Interrogé par RT France, le porte-parole de l'association de policiers en colère UPNI Jean-Pierre Colombiès déplore un manque de goût pour la sécurité intérieure du gouvernement : «Pour Macron, c'est un domaine totalement étranger, on le voit très bien dans la longue crise sociale des Gilets jaunes... tout ce qu'il a trouvé pour y remédier à Paris, ça a été d'aller chercher un préfet va-t-en guerre !»
Et l'ancien commandant de police de suggérer une sortie de crise possible pour le président de la République : «Emmanuel Macron peut sortir de cette crise à tout moment en arrêtant simplement de lancer des débats crispants et très impopulaires, notamment sur les retraites. Il peut cesser d'écouter des courtisans également, qui ne lui disent que ce qu'il a envie d'entendre. Il peut, à ce titre, se souvenir de La Fontaine : "Apprenez que tout flatteur vit aux dépens de celui qui l'écoute."»
Jean-Pierre Colombiès craint également une «exaspération absolue et permanente» de la population française dans le contexte de l'épidémie et un «risque de rejet total du pouvoir et de sa représentation disponible : les flics !»
On voit bien que le mépris de classe de ce président s'étend volontiers jusqu'au flic de base
L'ancien policier militant s'insurge : «On utilise les fonctionnaires à toutes les sauces pour compenser un manque de philosophie globale sur la sécurité intérieure, mais tout cela ne peut déboucher que sur une volonté d'en découdre... Le virus est invisible et le politique intouchable, mais le flicard, lui, les manifestants l'ont facilement sous la main et la colère est bien là. Alors maintenant, il faudrait qu'Emmanuel Macron écoute des gens de bon sens et qu'il cesse de jouer les pompiers incendiaires.»
Le porte-parole du collectif policier n'oublie pas non plus d'où vient l'actuel ministre de l'Intérieur passé par l'UMP : «Darmanin, c'est le faux-ami par excellence pour les policiers... exactement comme son maître à penser Nicolas Sarkozy, et ce dernier n'est pourtant pas une référence en matière de sécurité ! C'est justement lui qui a mis en place les jalons du double discours, à savoir caresser les flics dans le sens du poil avec de la câlinothérapie, mais sans donner les moyens de l'ambition sécuritaire affichée.
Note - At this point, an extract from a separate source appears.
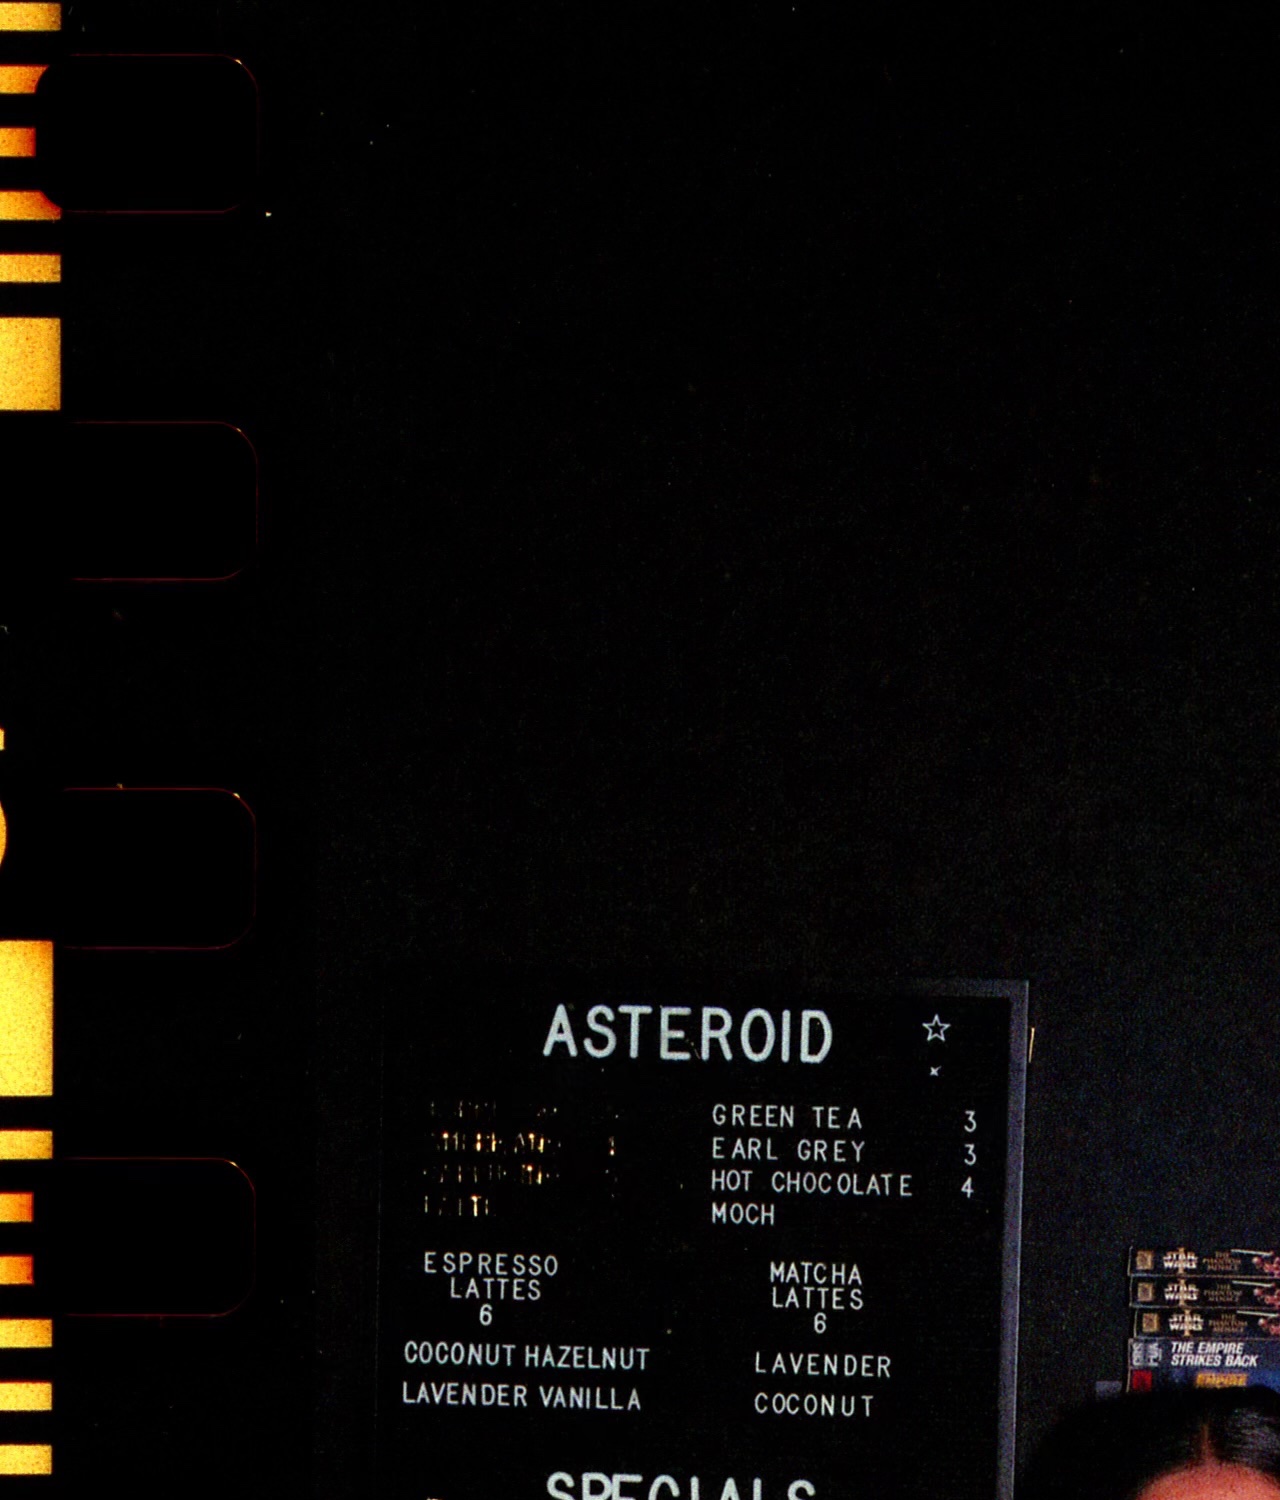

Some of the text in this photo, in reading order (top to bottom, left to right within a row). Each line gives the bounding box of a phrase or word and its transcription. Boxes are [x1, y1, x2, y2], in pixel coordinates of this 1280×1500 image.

Et surtout, on désavoue immédiatement le collègue dès la première dysfonction. Mais exposer et brandir la police de la sorte, en permanence, est très dangereux de la part du gouvernement, parce que lorsque les policiers en auront marre, ils baisseront le bouclier.»
Jean-Pierre Colombiès dénonce également un «mépris de classe» de la part de l'Elysée, reproche également adressé aux fonctionnaires de police : «On voit bien en ce moment que le mépris de classe de ce président s'étend volontiers jusqu'au flic de base et le mépris du jeu parlementaire n'arrange rien à l'affaire. Les deux assemblées ont dû s'en indigner ! Ce gouvernement pilote tout seul, mais il se rend compte aujourd'hui qu'il y a une France réelle qui existe en dehors du quant à soi politique. Ces colères qui émergent, il sera très difficile de les éteindre car le contrat de confiance a été rompu par ce déferlement d'amateurisme.»